Note: In some cases, you may encounter the error ValueError: fp16 mixed precision requires a GPU. If this happens, answer "0" to the sixth question (What GPU(s) (by id) should be used for training on this machine as a comma-separated list? [all]:). This means that only the first GPU (id 0) will be used.

Training and Inference

Training and inference procedures vary significantly by architecture. Please refer to the architecture-specific documents in the Documentation section and the various configuration documents for detailed instructions.

Miscellaneous

SageAttention Installation

sdbsd has provided a Windows-compatible SageAttention implementation and pre-built wheels here: https://github.com/sdbds/SageAttention-for-windows. After installing triton, if your Python, PyTorch, and CUDA versions match, you can download and install the pre-built wheel from the Releases page. Thanks to sdbsd for this contribution.

For reference, the build and installation instructions are as follows. You may need to update Microsoft Visual C++ Redistributable to the latest version.

1. Download and install triton 3.1.0 wheel matching your Python version from here.

2. Install Microsoft Visual Studio 2022 or Build Tools for Visual Studio 2022, configured for C++ builds.

3. Clone the SageAttention repository in your preferred directory:

   git clone https://github.com/thu-ml/SageAttention.git

4. Open x64 Native Tools Command Prompt for VS 2022 from the Start menu under Visual Studio 2022.

5. Activate your venv, navigate to the SageAttention folder, and run the following command. If you get a DISTUTILS not configured error, set set DISTUTILS_USE_SDK=1 and try again:

   python setup.py install

This completes the SageAttention installation.

PyTorch version

If you specify torch for --attn_mode, use PyTorch 2.5.1 or later (earlier versions may result in black videos).
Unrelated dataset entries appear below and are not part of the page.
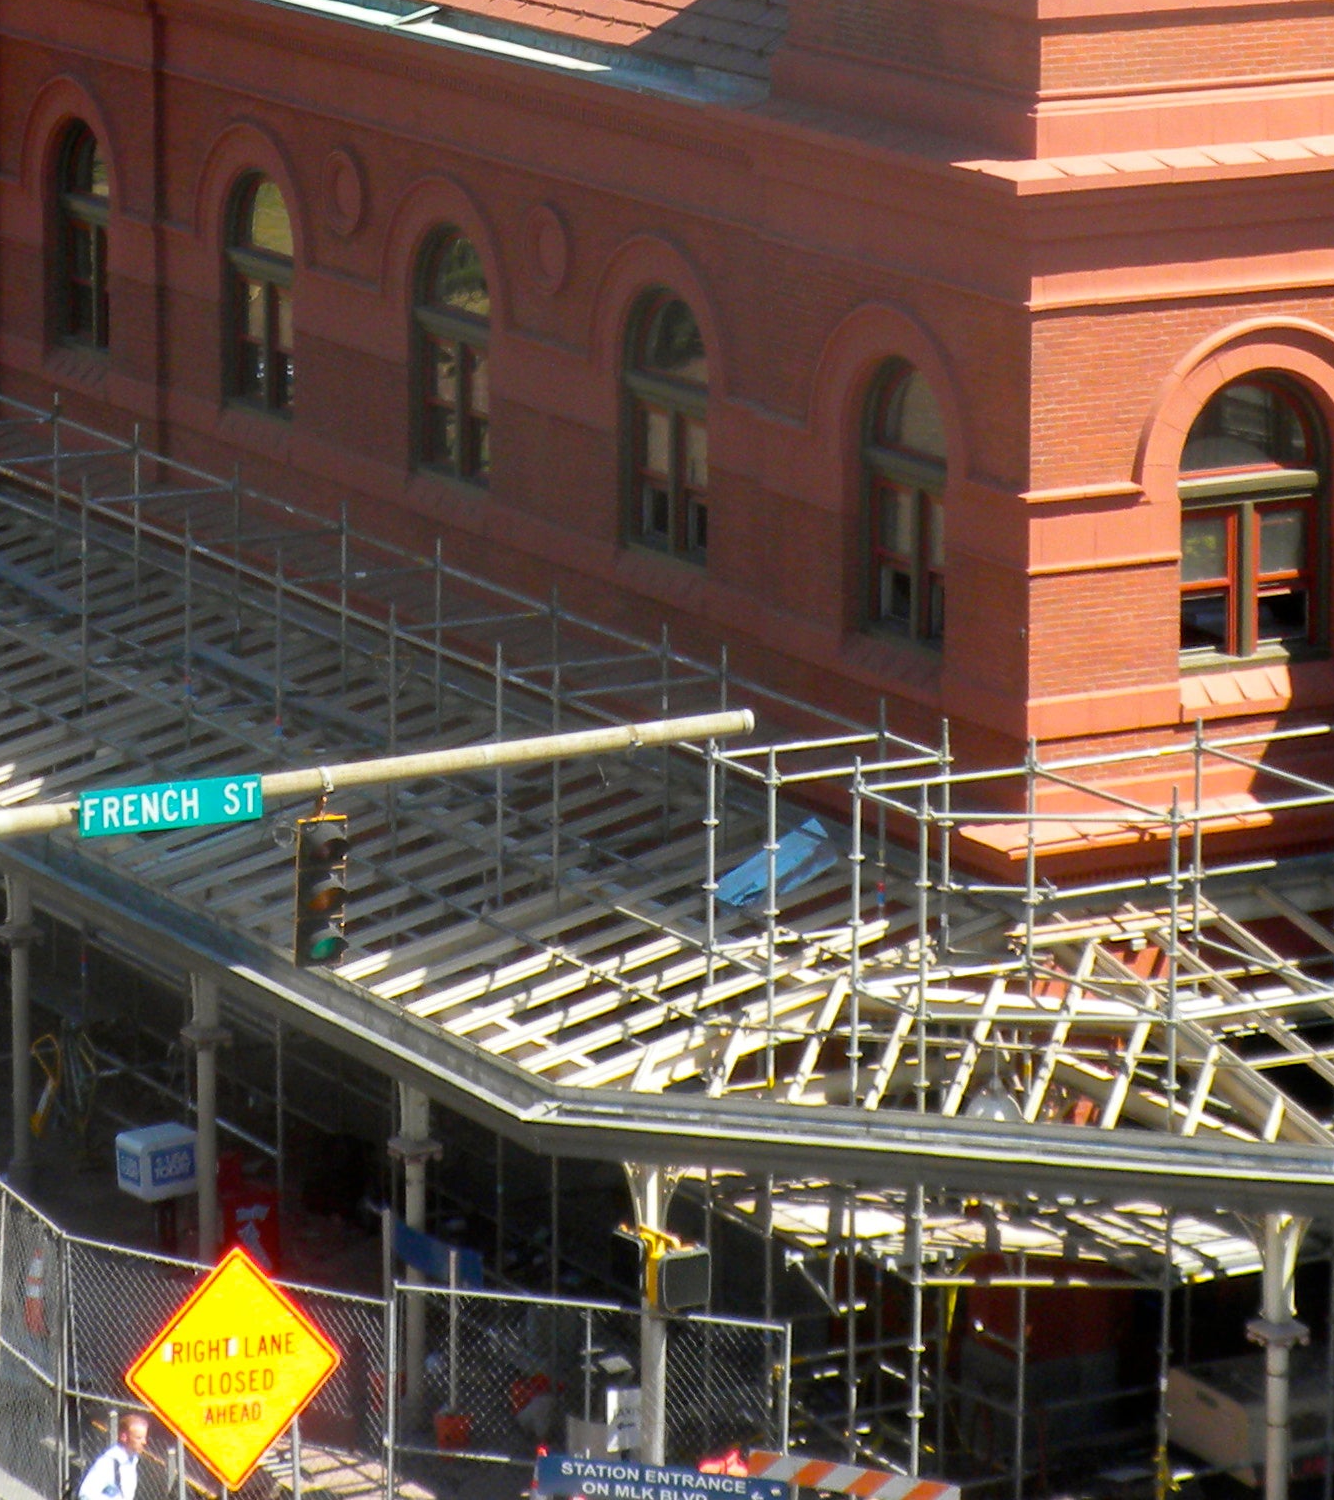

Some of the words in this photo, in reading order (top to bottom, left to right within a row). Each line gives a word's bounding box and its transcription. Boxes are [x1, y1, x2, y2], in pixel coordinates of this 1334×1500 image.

[82, 787, 199, 831] FRENCH
[223, 781, 259, 816] ST
[171, 1337, 234, 1366] RIGHT
[244, 1332, 295, 1359] LANE
[193, 1368, 274, 1397] CLOSED
[204, 1402, 263, 1426] AHEAD
[561, 1461, 639, 1482] STATION
[645, 1468, 747, 1495] ENTRANCE
[581, 1481, 609, 1497] ON
[614, 1484, 654, 1500] MLK
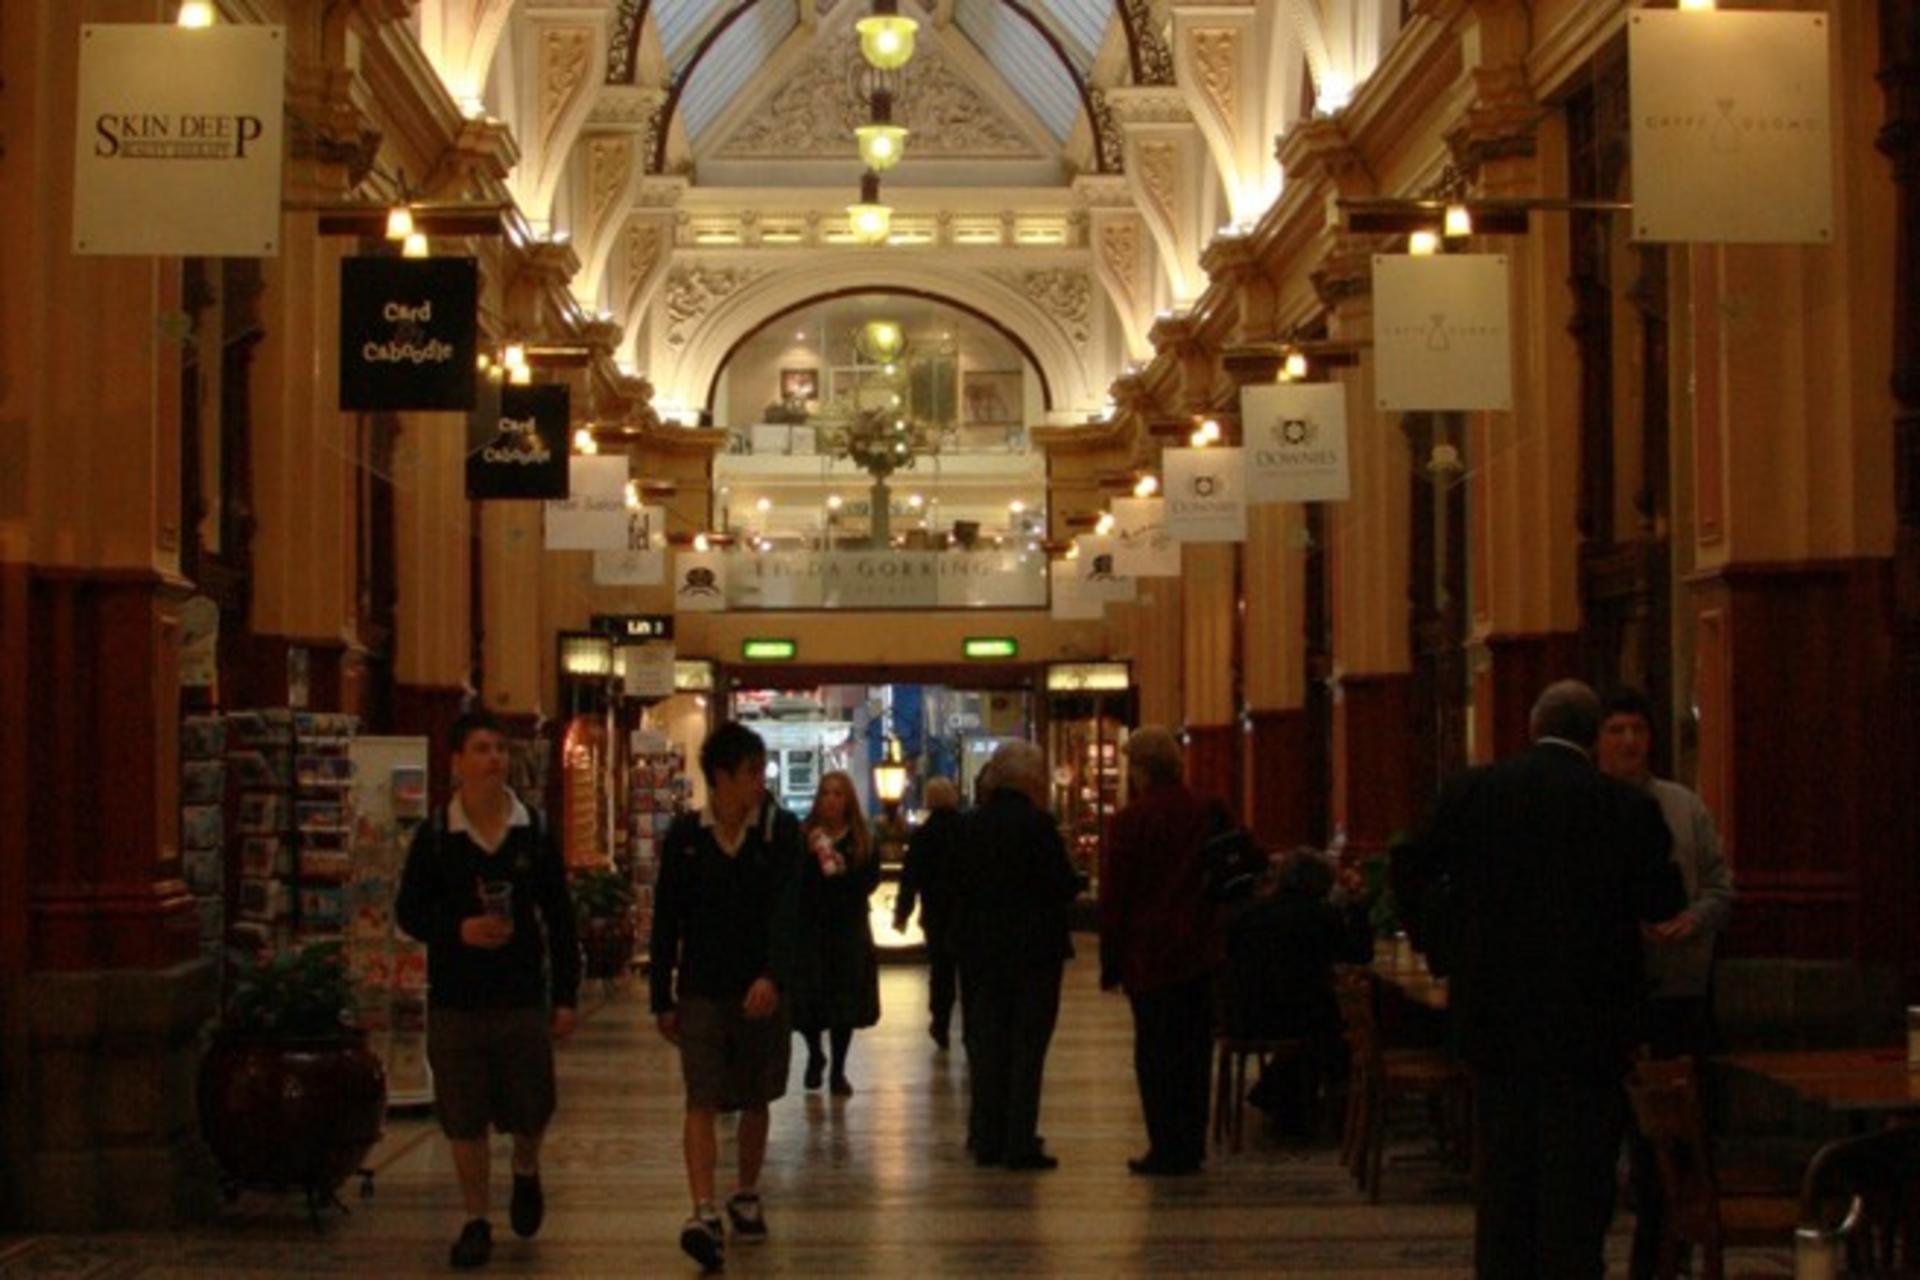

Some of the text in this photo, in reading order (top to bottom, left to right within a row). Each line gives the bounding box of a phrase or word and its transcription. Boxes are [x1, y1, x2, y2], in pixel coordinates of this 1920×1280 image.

[96, 113, 263, 158] SKIN DEEP
[384, 300, 432, 322] Card
[362, 339, 454, 364] Caboodle
[499, 416, 537, 432] Card
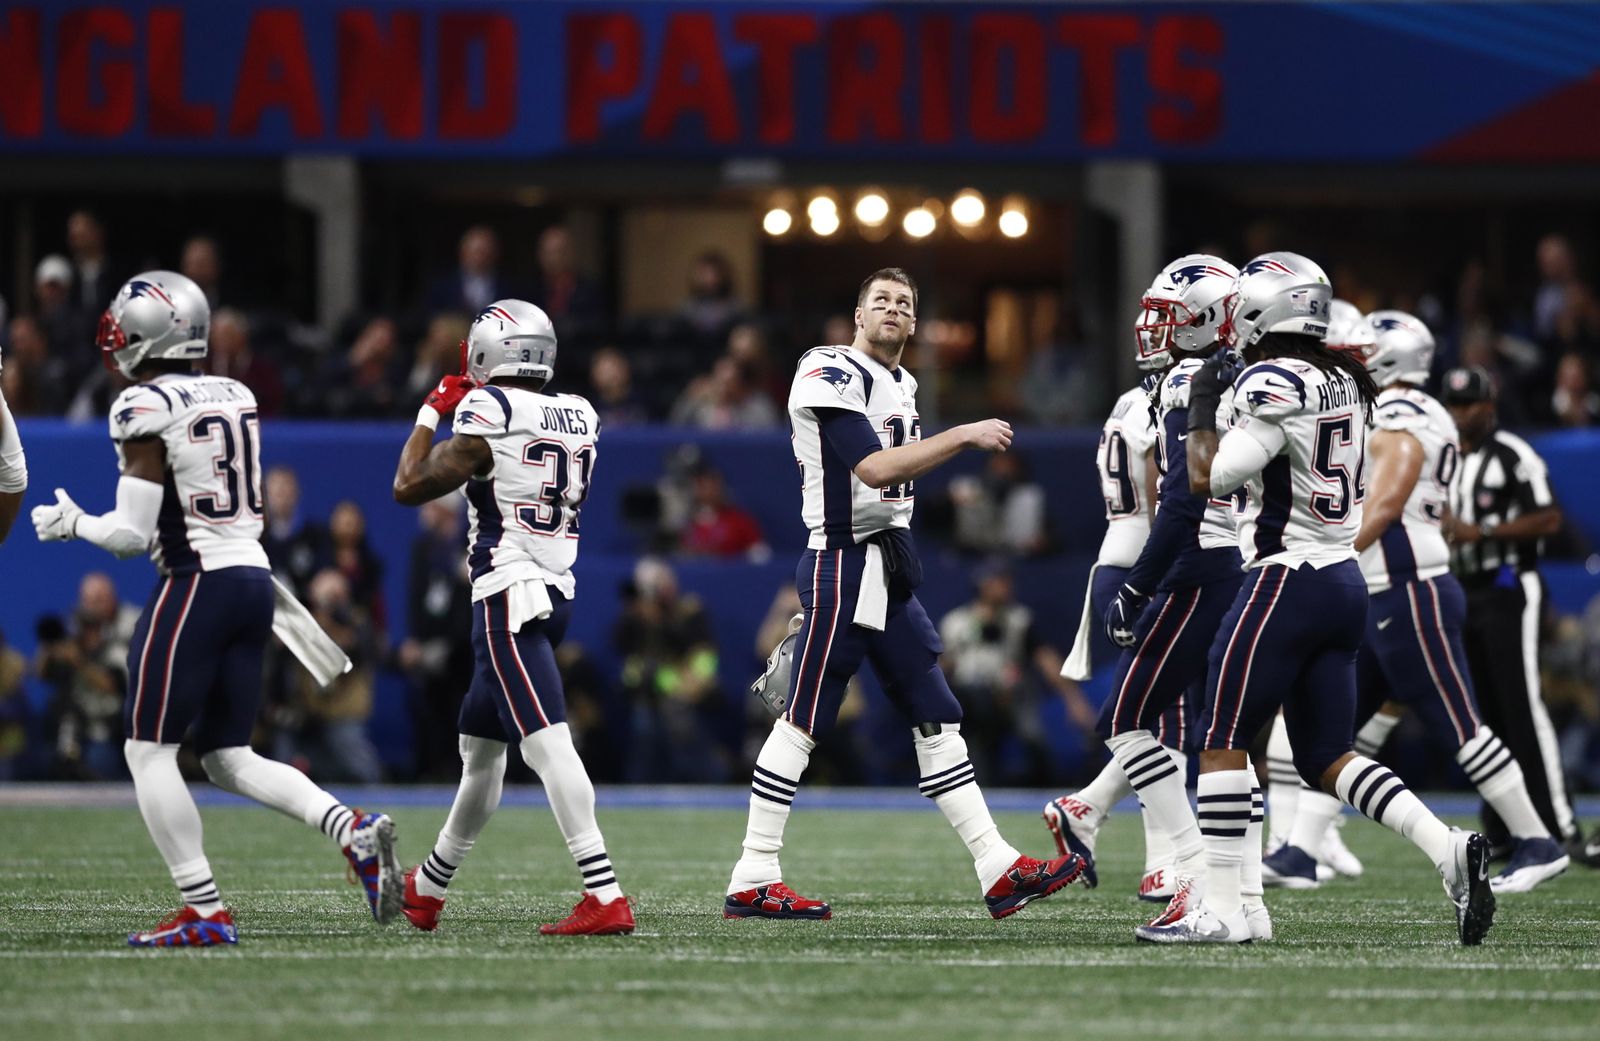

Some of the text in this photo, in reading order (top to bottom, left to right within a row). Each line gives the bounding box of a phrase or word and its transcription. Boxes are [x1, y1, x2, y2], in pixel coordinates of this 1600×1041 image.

[564, 12, 1226, 143] PATRIOTS
[1310, 300, 1328, 317] 54
[540, 405, 588, 436] JONES
[514, 437, 592, 537] 31
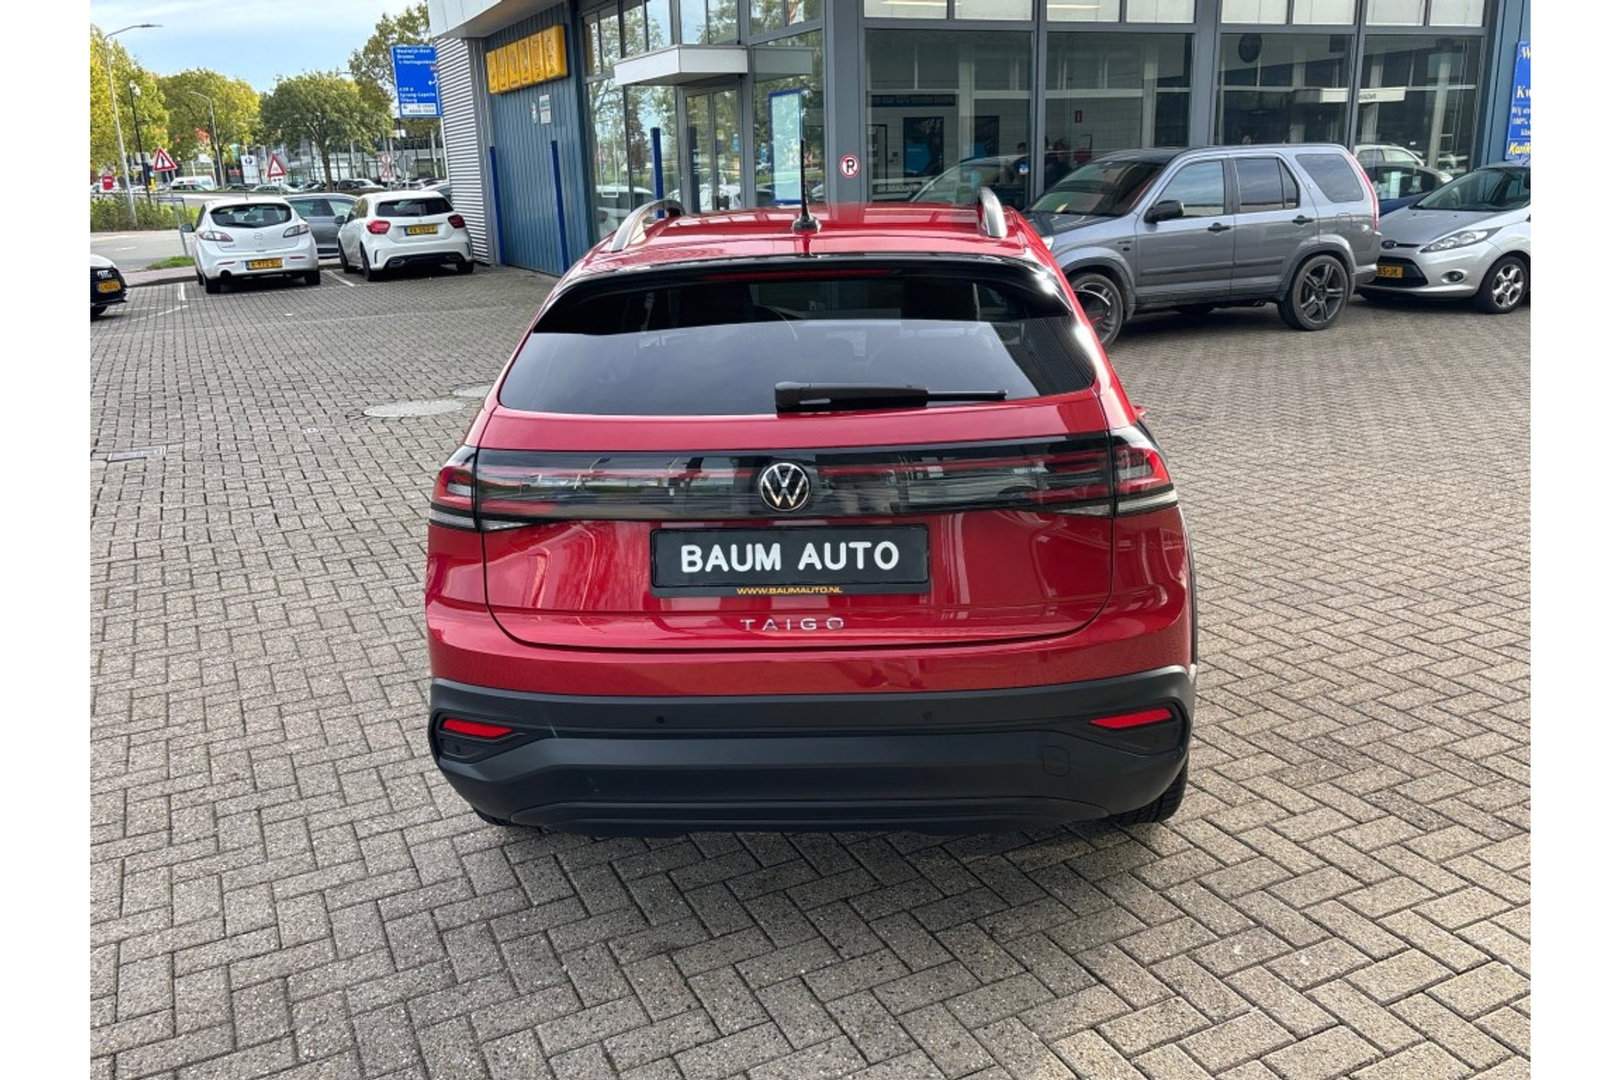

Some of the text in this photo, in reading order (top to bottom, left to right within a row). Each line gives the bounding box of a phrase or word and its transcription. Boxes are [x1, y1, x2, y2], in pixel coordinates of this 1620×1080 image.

If you use an earlier version, use xformers or SageAttention.

Disclaimer

This repository is unofficial and not affiliated with the official repositories of the supported architectures.

This repository is experimental and under active development. While we welcome community usage and feedback, please note:

• This is not intended for production use
• Features and APIs may change without notice
• Some functionalities are still experimental and may not work as expected
• Video training features are still under development

If you encounter any issues or bugs, please create an Issue in this repository with:

• A detailed description of the problem
• Steps to reproduce
• Your environment details (OS, GPU, VRAM, Python version, etc.)
• Any relevant error messages or logs

Contributing

We welcome contributions! Please see CONTRIBUTING.md for details.

License

Code under the hunyuan_model directory is modified from HunyuanVideo and follows their license.

Code under the wan directory is modified from Wan2.1. The license is under the Apache License 2.0.

Code under the frame_pack directory is modified from FramePack. The license is under the Apache License 2.0.

Other code is under the Apache License 2.0. Some code is copied and modified from Diffusers.